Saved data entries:
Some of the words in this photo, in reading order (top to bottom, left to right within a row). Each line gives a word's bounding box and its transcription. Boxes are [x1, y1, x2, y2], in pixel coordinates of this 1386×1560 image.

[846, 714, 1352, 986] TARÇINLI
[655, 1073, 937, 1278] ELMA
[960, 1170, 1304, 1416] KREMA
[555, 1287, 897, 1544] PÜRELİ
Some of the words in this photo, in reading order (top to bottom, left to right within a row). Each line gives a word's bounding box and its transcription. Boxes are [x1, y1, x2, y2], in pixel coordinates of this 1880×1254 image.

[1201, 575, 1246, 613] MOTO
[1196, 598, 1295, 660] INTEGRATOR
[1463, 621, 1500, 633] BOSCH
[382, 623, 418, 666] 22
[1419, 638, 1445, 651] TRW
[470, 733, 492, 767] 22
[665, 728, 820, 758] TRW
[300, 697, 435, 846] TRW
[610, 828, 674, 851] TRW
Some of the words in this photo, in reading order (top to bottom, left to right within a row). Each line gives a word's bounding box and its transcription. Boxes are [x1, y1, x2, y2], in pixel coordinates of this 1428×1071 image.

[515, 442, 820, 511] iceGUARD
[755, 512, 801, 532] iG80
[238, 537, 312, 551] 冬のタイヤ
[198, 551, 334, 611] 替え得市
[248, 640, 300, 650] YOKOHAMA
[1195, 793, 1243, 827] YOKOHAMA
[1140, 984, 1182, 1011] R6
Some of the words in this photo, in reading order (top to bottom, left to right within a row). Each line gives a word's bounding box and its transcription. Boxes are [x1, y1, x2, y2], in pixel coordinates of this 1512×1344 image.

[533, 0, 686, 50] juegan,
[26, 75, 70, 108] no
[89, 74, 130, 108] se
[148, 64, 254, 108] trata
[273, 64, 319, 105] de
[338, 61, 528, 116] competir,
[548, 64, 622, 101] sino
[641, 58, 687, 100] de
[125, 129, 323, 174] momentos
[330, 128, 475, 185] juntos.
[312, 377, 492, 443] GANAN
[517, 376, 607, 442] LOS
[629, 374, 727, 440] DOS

- Task prompt:
Exact retyping is required: the line with "this 1880×1254 image." through the end of the data, both ends included, and no other line.

- Response:
Some of the words in this photo, in reading order (top to bottom, left to right within a row). Each line gives a word's bounding box and its transcription. Boxes are [x1, y1, x2, y2], in pixel coordinates of this 1880×1254 image.

[1201, 575, 1246, 613] MOTO
[1196, 598, 1295, 660] INTEGRATOR
[1463, 621, 1500, 633] BOSCH
[382, 623, 418, 666] 22
[1419, 638, 1445, 651] TRW
[470, 733, 492, 767] 22
[665, 728, 820, 758] TRW
[300, 697, 435, 846] TRW
[610, 828, 674, 851] TRW
Some of the words in this photo, in reading order (top to bottom, left to right within a row). Each line gives a word's bounding box and its transcription. Boxes are [x1, y1, x2, y2], in pixel coordinates of this 1428×1071 image.

[515, 442, 820, 511] iceGUARD
[755, 512, 801, 532] iG80
[238, 537, 312, 551] 冬のタイヤ
[198, 551, 334, 611] 替え得市
[248, 640, 300, 650] YOKOHAMA
[1195, 793, 1243, 827] YOKOHAMA
[1140, 984, 1182, 1011] R6
Some of the words in this photo, in reading order (top to bottom, left to right within a row). Each line gives a word's bounding box and its transcription. Boxes are [x1, y1, x2, y2], in pixel coordinates of this 1512×1344 image.

[533, 0, 686, 50] juegan,
[26, 75, 70, 108] no
[89, 74, 130, 108] se
[148, 64, 254, 108] trata
[273, 64, 319, 105] de
[338, 61, 528, 116] competir,
[548, 64, 622, 101] sino
[641, 58, 687, 100] de
[125, 129, 323, 174] momentos
[330, 128, 475, 185] juntos.
[312, 377, 492, 443] GANAN
[517, 376, 607, 442] LOS
[629, 374, 727, 440] DOS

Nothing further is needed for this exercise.